Friday 28 November 2014

The Imitation Game

Alan Turing is now established as one of the great heroes of the Twentieth Century, as well as a beacon of our progressiveness. Formally pardoned of his gross indecency crimes by the Queen – symbolic of how the vast majority of such convicts should be pardoned – and with an apology from Gordon Brown for how he was treated, he is now recognized for having given perhaps the single greatest individual contribution to the war, for his contributions to cryptography, the development of computers and to the philosophy of artificial intelligence. That he could have been arrested for having a sexual relationship with another man and sentenced to be chemically castrated is a hugely significant example of how barbaric this supposedly enlightened society can have been just a few short decades ago over something like being gay.

Thus, we have this biopic. And I actually loved it – but more for its artistry as a screenplay than for its central messages. This is the fictionalization of a subject done in a remarkable and rather odd way. This is actual human life, just on the edge of living memory, made into melodrama. It came over as very artistic and allowed for a wonderfully heavyweight and varied performance from the media’s current absolute favourite Benedict Cumberbatch, but ultimately it was Hollywood cheese about a worthy subject. Everything was framed in the simplest, most easily-recognised terms: Turing is essentially written as Sheldon Cooper, unable to understand others, convinced of his own genius and quite open to taking jokes literally, at one point going over everyone’s heads with a letter to Churchill. All his drive and motivation derives from his first love at boarding school. His commanding officer is the cliché of an authoritarian. The whole thing is neatly framed not only as an account in a police investigation, but as a Turing test. Enigma is cracked not thanks to the work of prior Polish teams or in a variety of complex ways, but with a Eureka moment over three words always found in morning messages. When it is cracked, there is an intriguingly grey-area dilemma about using that information, made mawkish by the possibility of a team member’s personal loss. It is in large part sentimental drivel, but in fact it works well to move, entertain and hold the interest. These have become the clichés of modern film-writing for good reasons.

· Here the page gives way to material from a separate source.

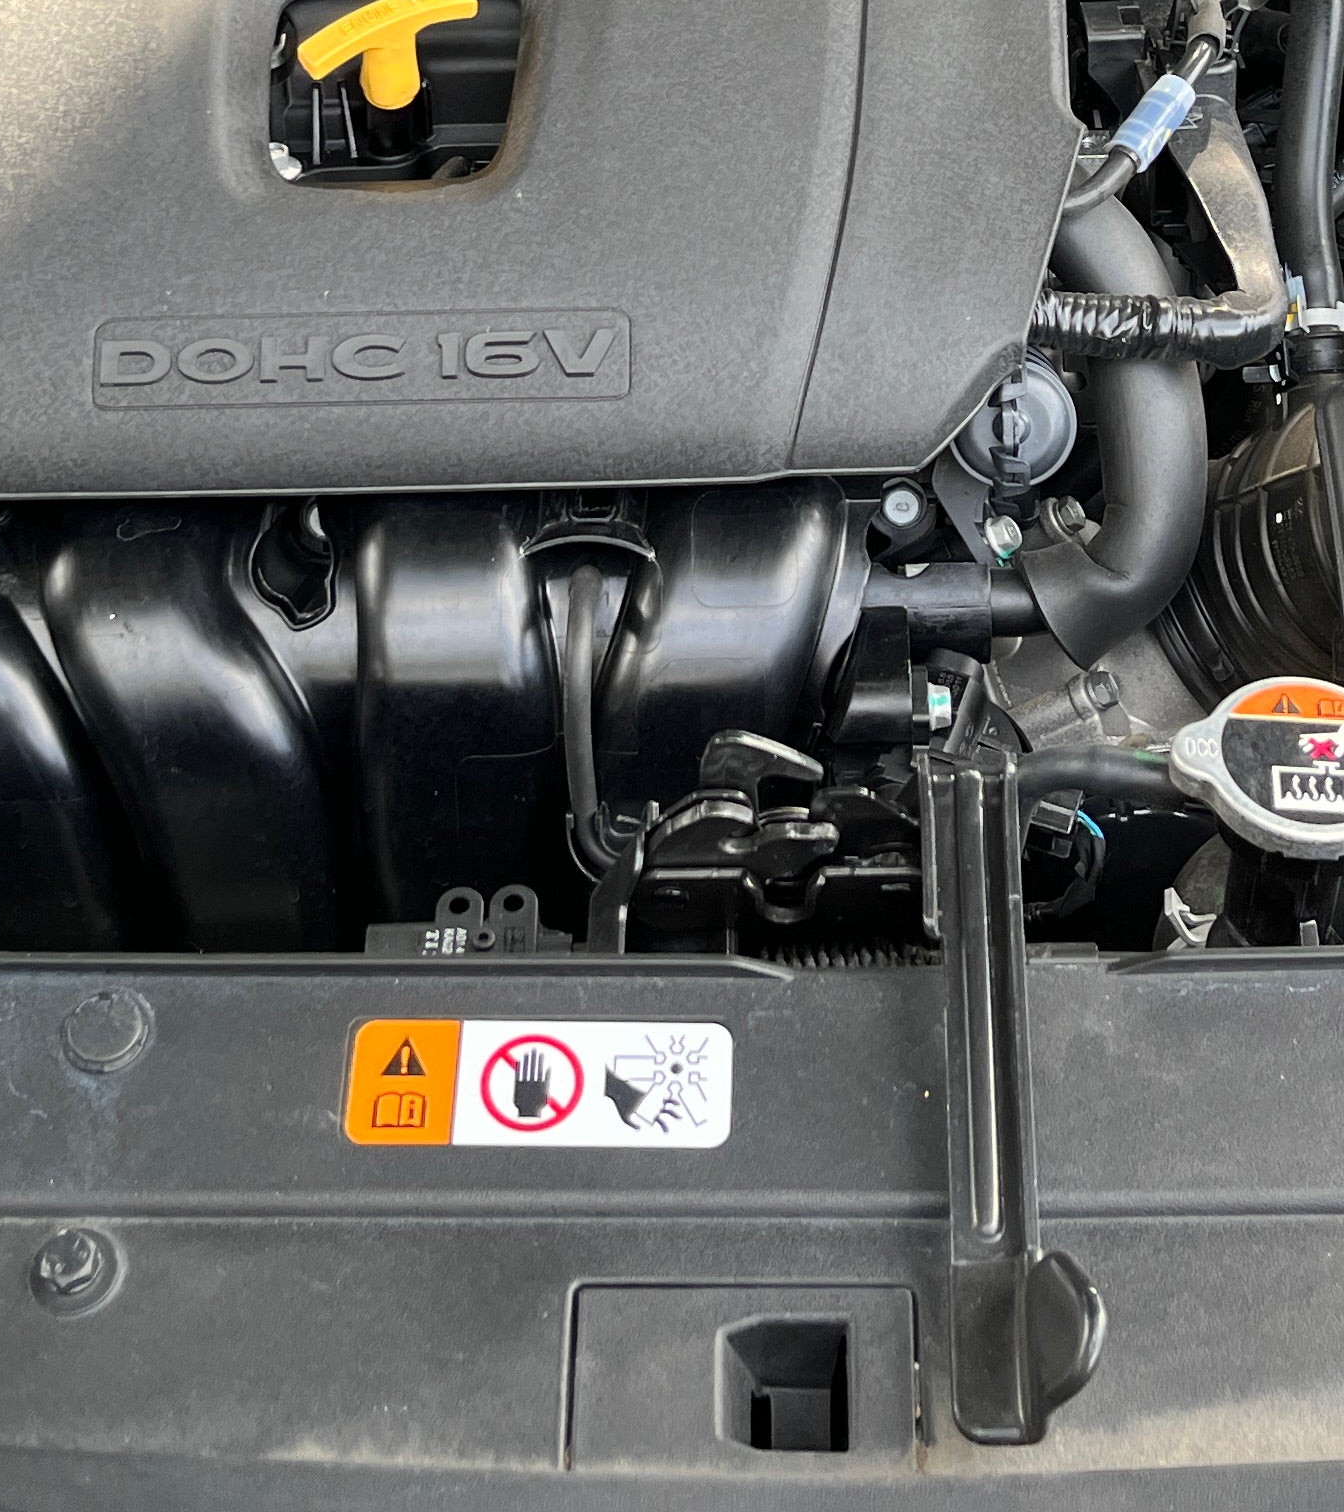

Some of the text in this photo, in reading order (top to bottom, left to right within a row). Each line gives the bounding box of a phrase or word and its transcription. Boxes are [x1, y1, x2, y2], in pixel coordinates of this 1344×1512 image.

[342, 3, 399, 36] ENGINE
[99, 326, 621, 387] DOHC 16V
[1185, 737, 1219, 758] DCC
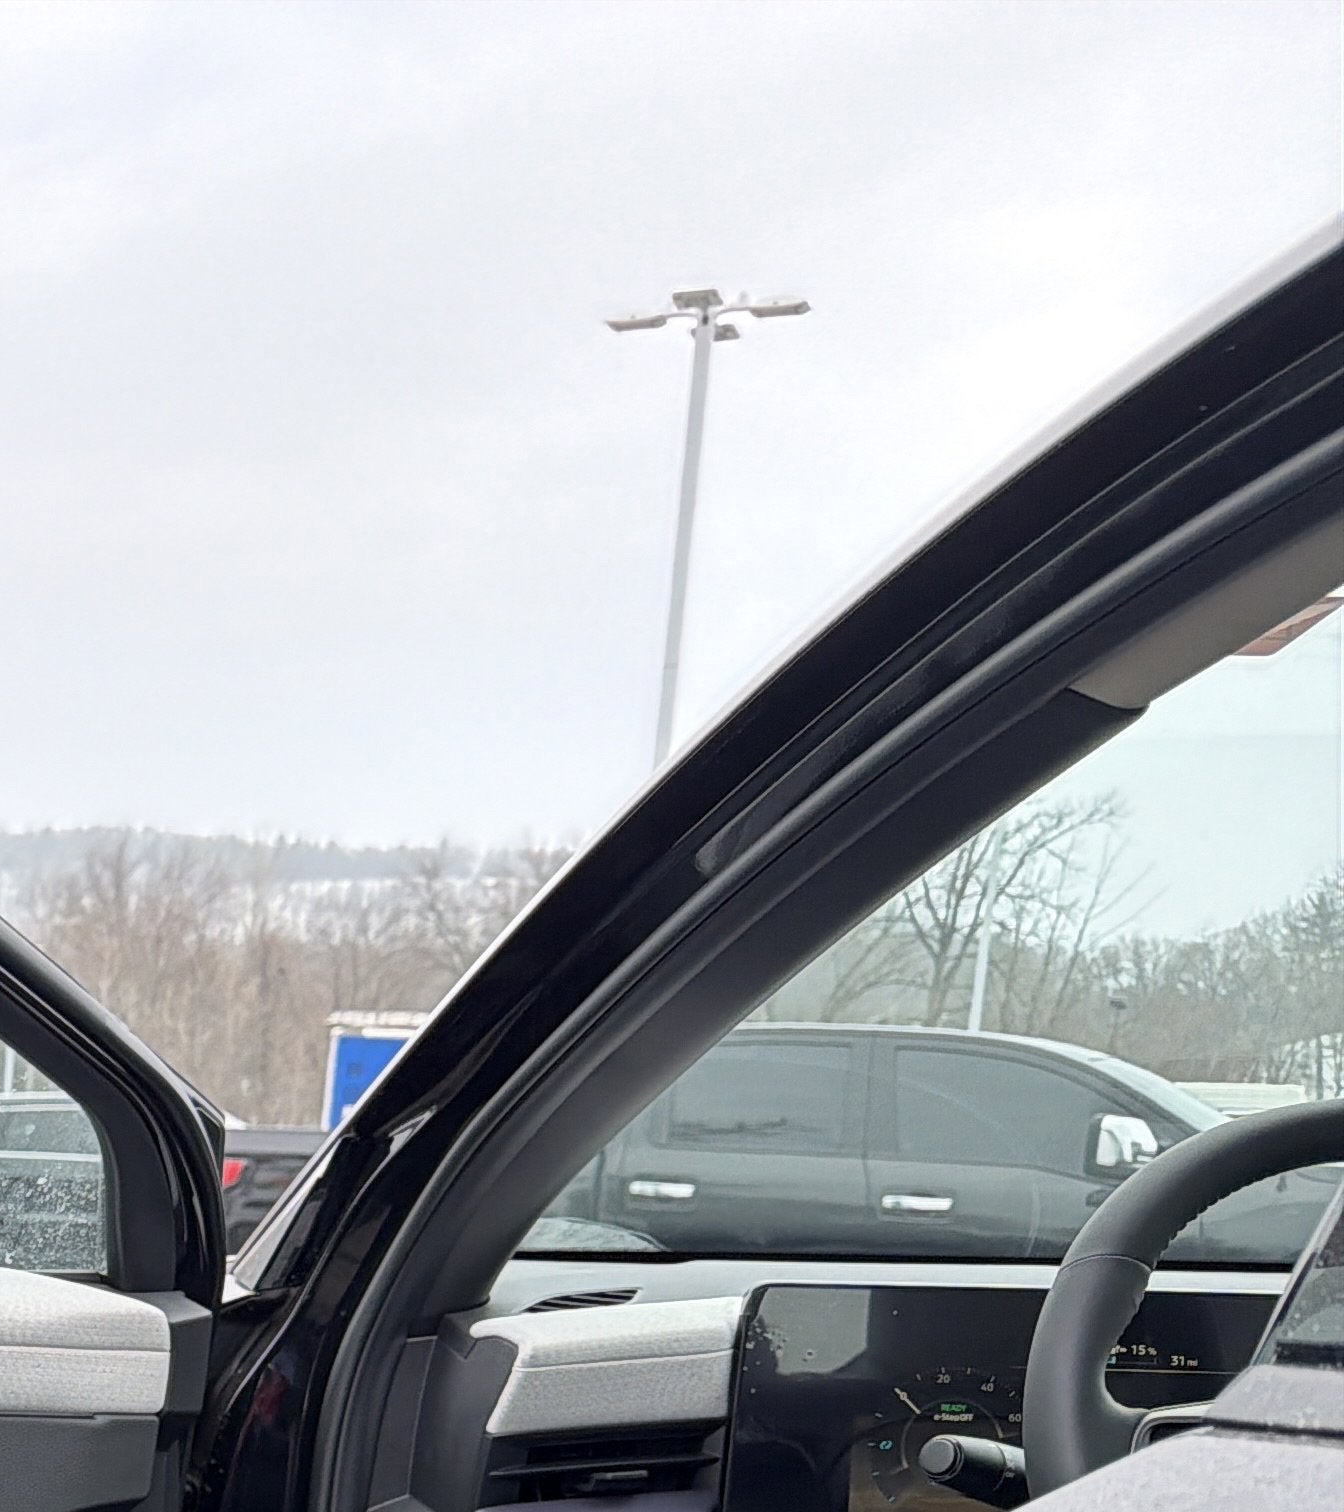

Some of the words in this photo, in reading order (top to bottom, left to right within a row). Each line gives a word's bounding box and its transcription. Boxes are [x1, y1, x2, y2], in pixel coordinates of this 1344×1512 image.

And in a strange way, the film made me glad to have lived my life. In many ways the 1940s were the end of the old Britain, but I feel like the 1980s were the last wonderful time to be a British child. I am happy I grew up in a sleepy village, and experienced both simple state schools and a daft opulent private boarding school before Cambridge. There’s a faded romance to that – and I did not live in a time of such absurd persecution of gay people. Though it probably ought to be noted that in keeping with Hollywood schmaltz, the real during didn’t lose his mind and develop some kind of pseudo-Parkinson’s from oestrogen. He got flabby and developed man-boobs. But that doesn’t send such a clear message, does it?